16Concevoir ainsi l’approche du ressenti des acteurs ne revient pas à prendre pour argent comptant la parole des enquêtés, mais à travailler au plus près de leurs catégories de perception. Pour le dire autrement, notre propos n’est pas tant de saisir si les logiques et les pratiques vécues comme discriminatoires par les parents d’élèves le sont réellement, mais de comprendre comment et pourquoi ils sont conduits à mobiliser ce registre plutôt que d’autres. Le ressenti des parents, qu’il s’agisse de la ségrégation, des verdicts institutionnels, du comportement des autres acteurs, de la scolarité de leurs enfants, et bien évidemment des discriminations, n’est ici traité que de ce seul point de vue. C’est la raison pour laquelle nous parlons du « sentiment de discrimination », pour bien signifier que nous nous limitons au domaine des représentations, et qu’il ne s’agit pas de proposer une analyse objective des procédures elles-mêmes et de leur éventuel caractère discriminatoire.

L’enquête

Trente-deux entretiens semi-directifs ont été réalisés entre juillet 2010 et avril 2011 auprès de trente-quatre parents ayant effectué une demande de dérogation à l’entrée en 6e pour l’année scolaire 2010-2011. Vingt-deux entretiens ont été réalisés dans les Hauts-de-Seine (11 mères, 4 pères, et 4 couples), et dix en Seine-Saint-Denis (8 mères, 1 père, 1 couple).
L’entrée en contact avec les parents s’est effectuée par le biais de l’ajout d’un coupon présentant l’enquête aux courriers envoyés par les inspections d’académie des Hauts-de-Seine et de Seine-Saint-Denis pour les informer de l’issue de leur demande, ces dernières ne pouvant communiquer directement les coordonnées des familles concernées. Le moindre nombre d’entretiens réalisés en Seine-Saint-Denis s’explique ainsi par le fait qu’aucune réponse de parents désireux de nous rencontrer ne nous en est parvenue, contre plus d’une centaine dans le cas des Hauts-de-Seine. Les entretiens réalisés en Seine-Saint-Denis l’ont donc été à Bondy et à Clichy-sous-Bois dans le cadre d’une enquête de terrain ad hoc, tandis que la diversité des communes de résidence des enquêtés est plus marquée dans les Hauts-de-Seine [19].
Trois des entretiens sont des répliques d’entretiens réalisés auprès de mères de famille qu’il a semblé intéressant de revoir après deux trimestres de fréquentation de collèges de secteur qu’elles étaient désespérées de ne pouvoir éviter au moment du premier entretien. Le matériau recueilli l’a donc été auprès de vingt-neuf ménages : cinq d’entre eux ont obtenu un accord immédiat pour leur demande de dérogation, un autre suite au recours gracieux. Six s’étaient vus signifier un refus et attendaient une réponse à leur recours au moment de l’entretien, et dix-sept avaient choisi de ne pas emprunter cette voie. Un ménage n’avait pas fait de demande de dérogation, mais s’était vu refuser l’inscription en 6e dans le privé.
Du point de vue de l’origine nationale, plus de la moitié des ménages étaient composés de parents nés hors de France ou d’origine étrangère. Le Maghreb est de loin l’aire géographique la plus représentée dans notre échantillon (Maroc et Algérie, 10 ménages), devant l’Afrique subsaharienne, le Portugal, les Comores et Haïti. La modalité dominante du niveau de diplôme de la mère est « aucun diplôme » (12/29), illustration du profil populaire des parents rencontrés.

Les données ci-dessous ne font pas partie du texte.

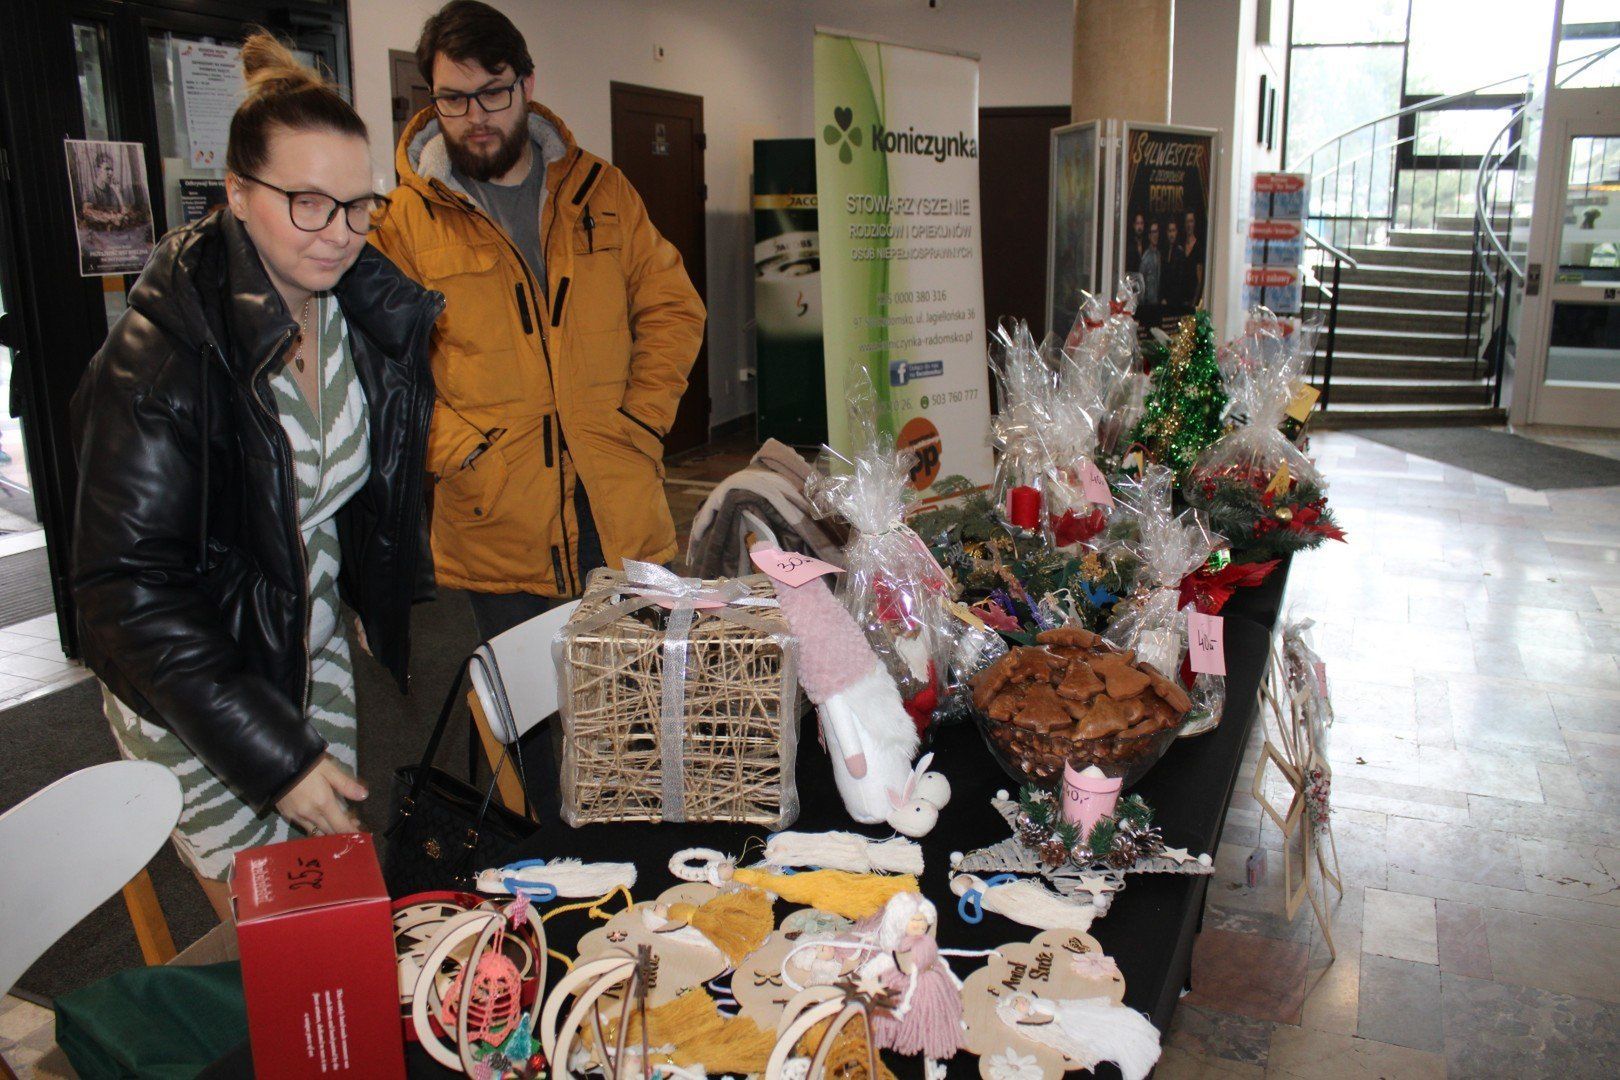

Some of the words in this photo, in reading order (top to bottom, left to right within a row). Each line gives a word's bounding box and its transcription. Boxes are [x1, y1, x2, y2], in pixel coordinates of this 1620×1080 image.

[872, 124, 977, 163] Koniczynka
[1133, 132, 1204, 166] SYLWESTER
[846, 195, 971, 216] STOWARZYSZENIE
[850, 223, 903, 239] RODZICÓW
[911, 223, 971, 239] OPIEKUNÓW
[851, 247, 875, 262] OSÓB
[877, 247, 973, 261] NIEPEŁNOSPRAWNYCH
[895, 292, 914, 303] 0000
[916, 291, 930, 302] 380
[933, 289, 947, 301] 316
[967, 308, 976, 320] 36
[932, 394, 946, 406] 503
[948, 392, 963, 403] 760

Les attentes des parents : méritocratie et traitement personnalisé

17Les orientations et les valeurs portées par un dispositif sont plus ou moins fidèlement relayées par les acteurs publics chargés de sa mise en œuvre ; mais elles ne correspondent pas nécessairement non plus à celles mobilisées par les populations concernées. Dans le cas de l’assouplissement de la carte scolaire, les valeurs de libre choix, de mixité et d’égalité des chances n’ont le même sens ni la même importance non seulement pour tous les acteurs publics, mais aussi pour les parents d’élèves. Beaucoup de parents s’attendaient ainsi à un traitement personnalisé de leur demande de dérogation : un certain nombre d’entre eux pensaient en particulier que la prise en compte de la situation scolaire de l’enfant (notes, appréciations, comportements, absences, etc.) allait davantage intervenir dans le processus d’évaluation de la demande, l’idée selon laquelle les « bons » élèves allaient être privilégiés étant largement diffuse.

18La conviction que les demandes allaient donner lieu à une évaluation individualisée a conduit certains parents à constituer un dossier enrichi de documents qui n’étaient pas demandés, tels que des cartes google maps précisant le temps précis et comparé des trajets, des rapports de psychologues, des certificats médicaux, des bulletins de notes, une lettre de motivation, des lettres d’appui des employeurs, une copie des textes officiels (B. O. par exemple), des documents d’agences immobilières, ou encore des quittances de loyer. Cet excès de zèle est à la hauteur des espoirs placés dans le lieu de scolarisation des enfants : il s’agit de tout mettre en œuvre pour obtenir satisfaction, et surtout de ne rien avoir à se reprocher ultérieurement.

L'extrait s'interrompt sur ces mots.